• Requirement
Print the entries verbatim, leaving out the images they contain.

• Record excerpts
▬▬▬
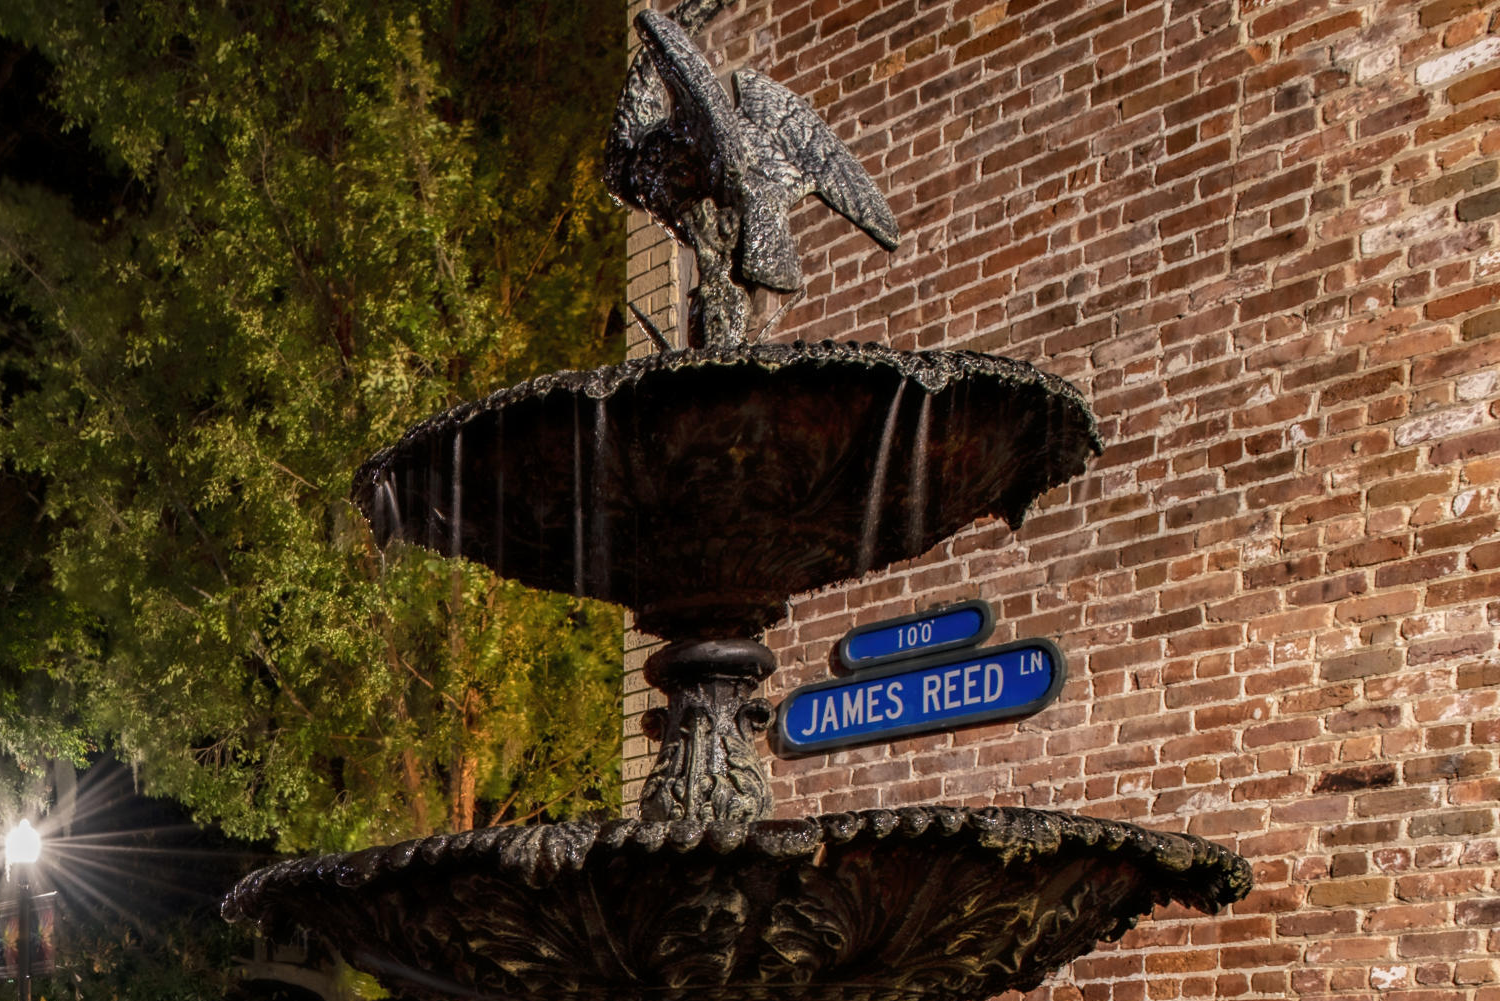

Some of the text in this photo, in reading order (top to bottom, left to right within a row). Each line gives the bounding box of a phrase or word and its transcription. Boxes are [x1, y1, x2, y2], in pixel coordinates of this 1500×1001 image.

[897, 622, 932, 649] 100
[801, 651, 1043, 736] JAMES REED LN
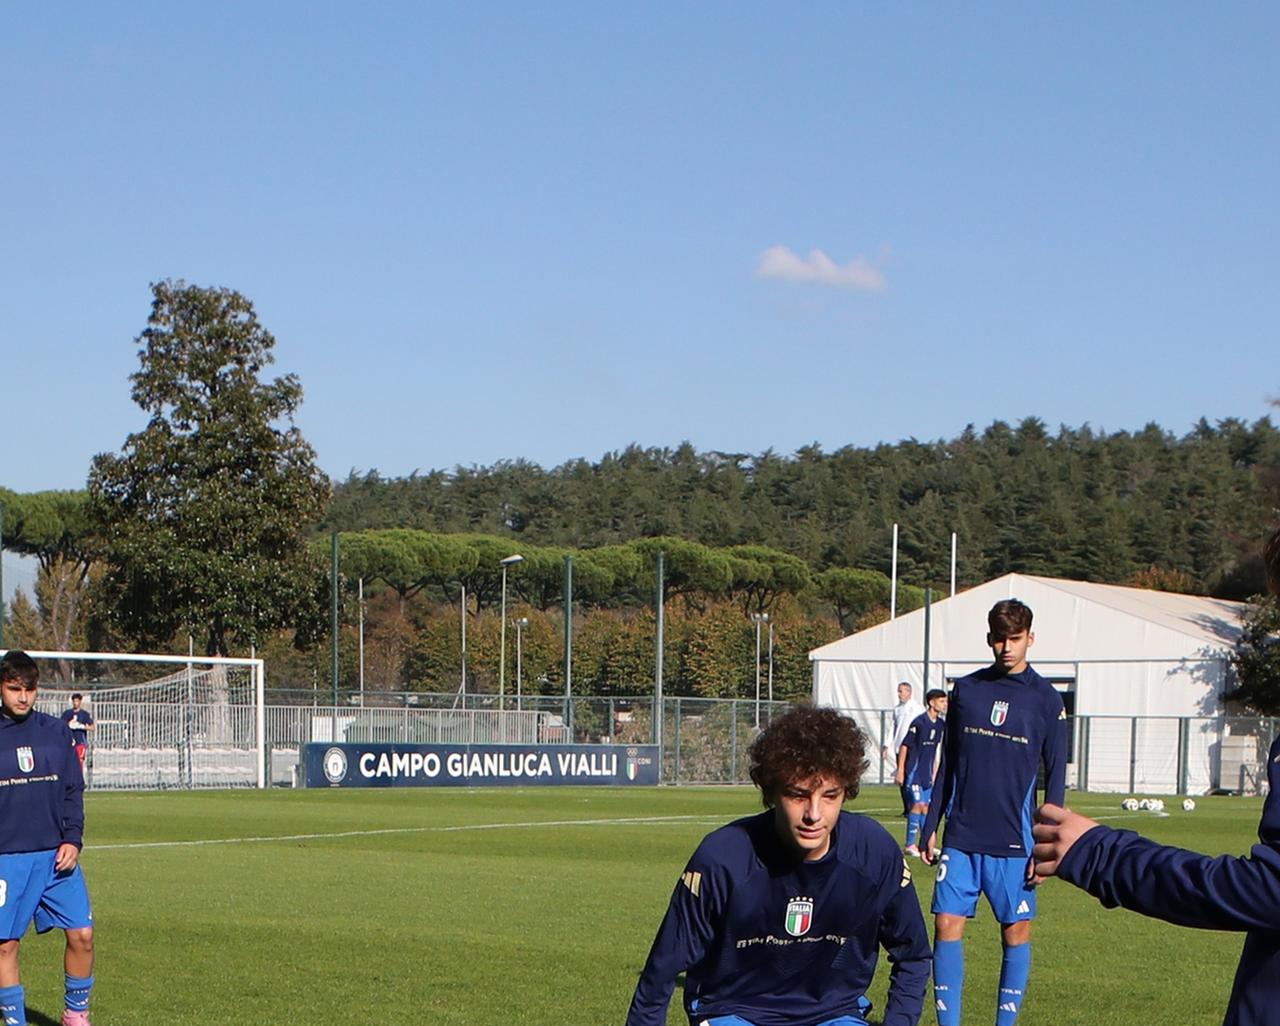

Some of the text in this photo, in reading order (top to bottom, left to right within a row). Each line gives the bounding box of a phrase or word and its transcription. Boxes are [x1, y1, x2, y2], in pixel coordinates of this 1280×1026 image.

[360, 752, 440, 778] CAMPO
[447, 752, 553, 777] GIANLUCA
[557, 753, 617, 776] VIALLI
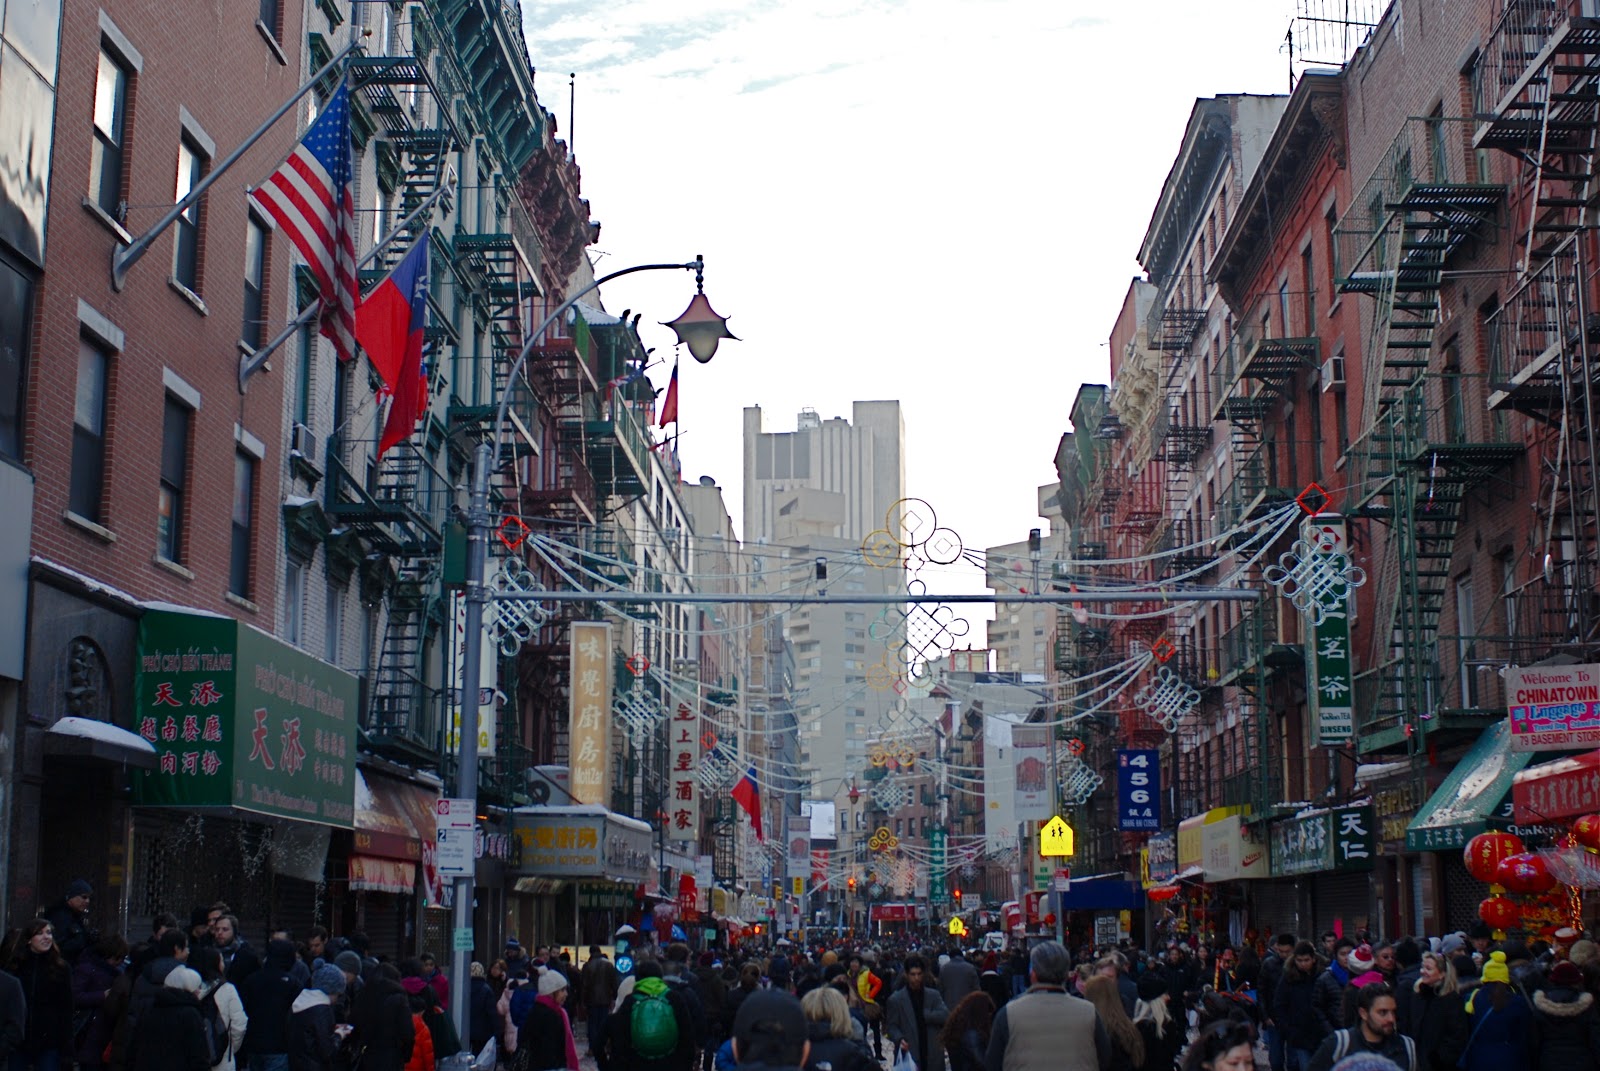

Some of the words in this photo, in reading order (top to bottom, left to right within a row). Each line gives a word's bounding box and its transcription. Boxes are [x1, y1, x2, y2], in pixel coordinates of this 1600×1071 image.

[1520, 673, 1572, 685] Welcome
[1576, 671, 1590, 682] To
[1517, 685, 1598, 704] CHINATOWN
[1530, 703, 1586, 720] Luggage
[1321, 725, 1352, 734] GINSENG
[1532, 732, 1574, 745] BASEMENT
[439, 830, 446, 843] 2
[1339, 813, 1369, 860] 天仁
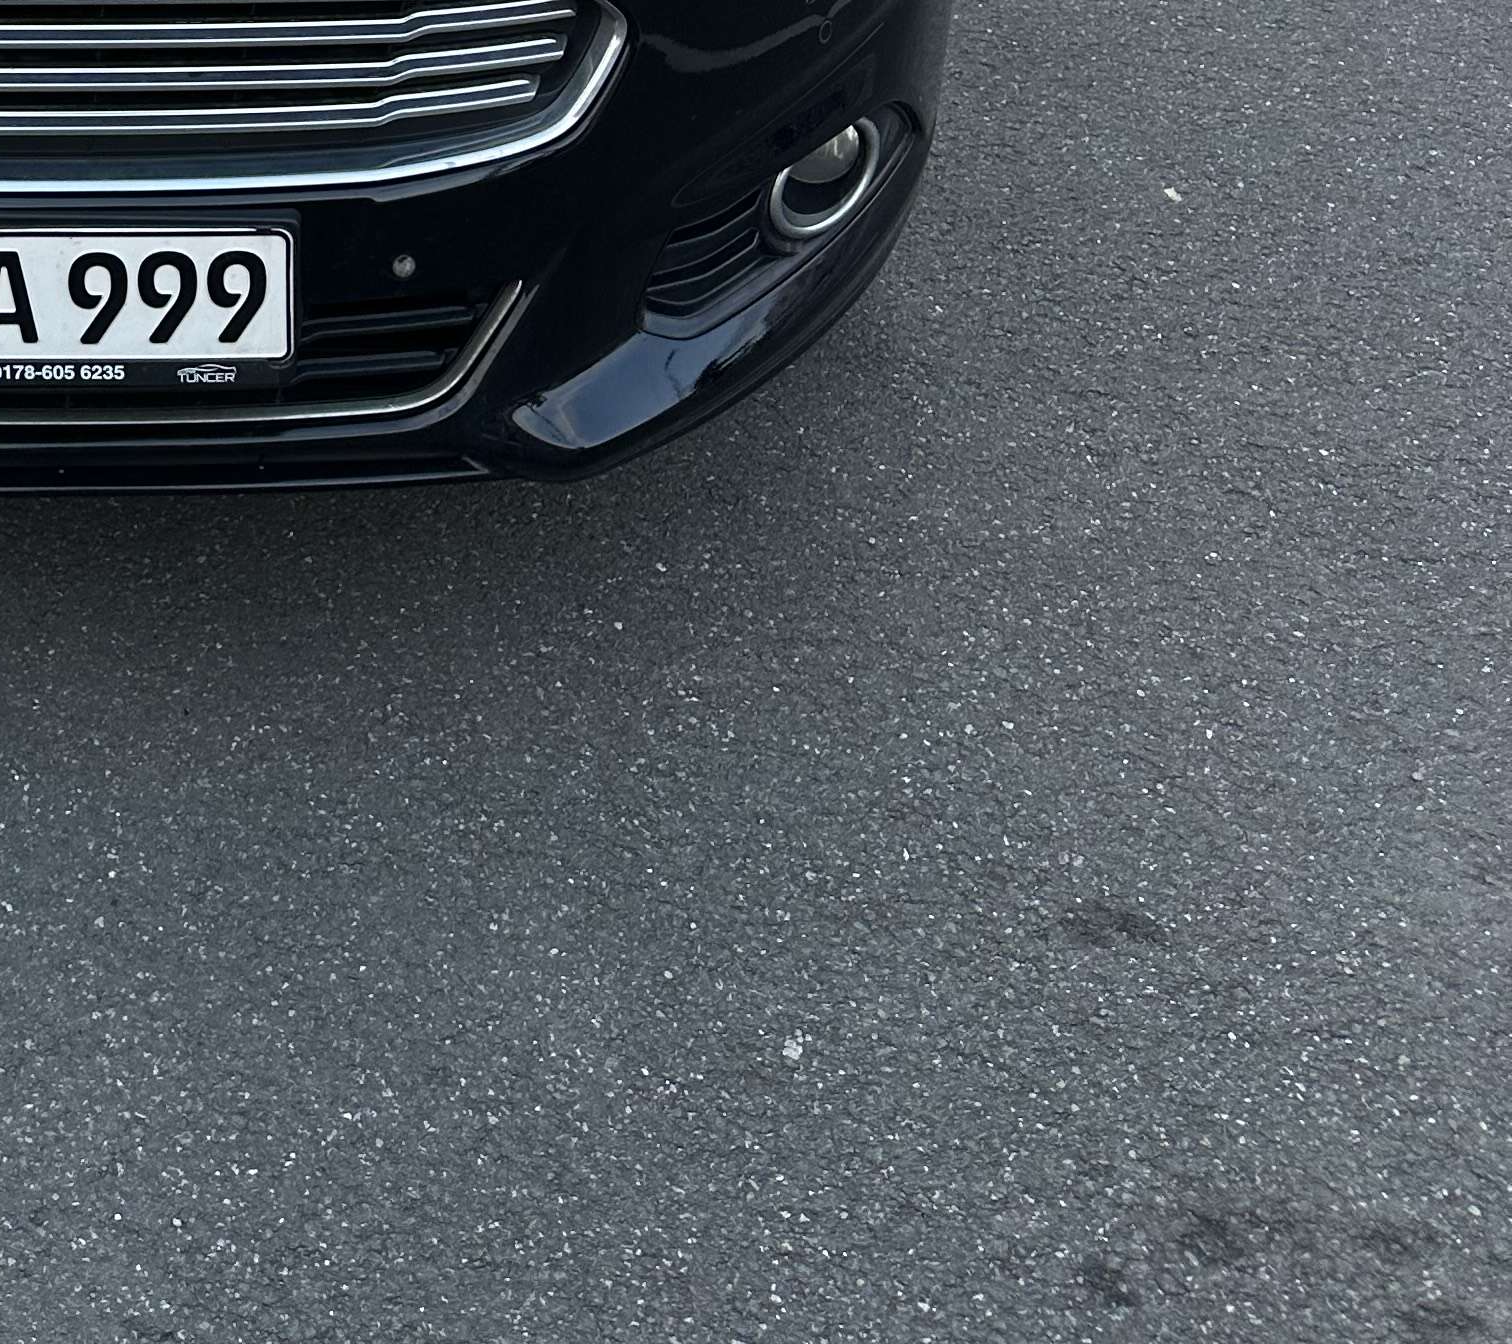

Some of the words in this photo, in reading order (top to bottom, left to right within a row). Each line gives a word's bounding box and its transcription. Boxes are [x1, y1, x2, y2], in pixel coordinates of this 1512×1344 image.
▬▬▬
• Solution for this task
Some of the text in this photo, in reading order (top to bottom, left to right within a row). Each line gives the bounding box of a phrase or word and its transcription. Boxes are [x1, y1, x2, y2], in pixel coordinates of this 1500×1001 image.

[897, 622, 932, 649] 100
[801, 651, 1043, 736] JAMES REED LN

Some of the text in this photo, in reading order (top to bottom, left to right within a row). Each line gives the bounding box of a phrase or word and its transcription. Boxes are [x1, y1, x2, y2], in pixel coordinates of this 1280×1026 image.

[360, 752, 440, 778] CAMPO
[447, 752, 553, 777] GIANLUCA
[557, 753, 617, 776] VIALLI

Some of the words in this photo, in reading order (top to bottom, left to right within a row). Each line gives a word's bounding box and its transcription. Boxes are [x1, y1, x2, y2], in pixel coordinates of this 1600×1071 image.

[1520, 673, 1572, 685] Welcome
[1576, 671, 1590, 682] To
[1517, 685, 1598, 704] CHINATOWN
[1530, 703, 1586, 720] Luggage
[1321, 725, 1352, 734] GINSENG
[1532, 732, 1574, 745] BASEMENT
[439, 830, 446, 843] 2
[1339, 813, 1369, 860] 天仁

Some of the words in this photo, in reading order (top to bottom, left to right within a row). Each line gives a word's bounding box and its transcription. Boxes are [x1, y1, x2, y2], in pixel coordinates of this 1512×1344 image.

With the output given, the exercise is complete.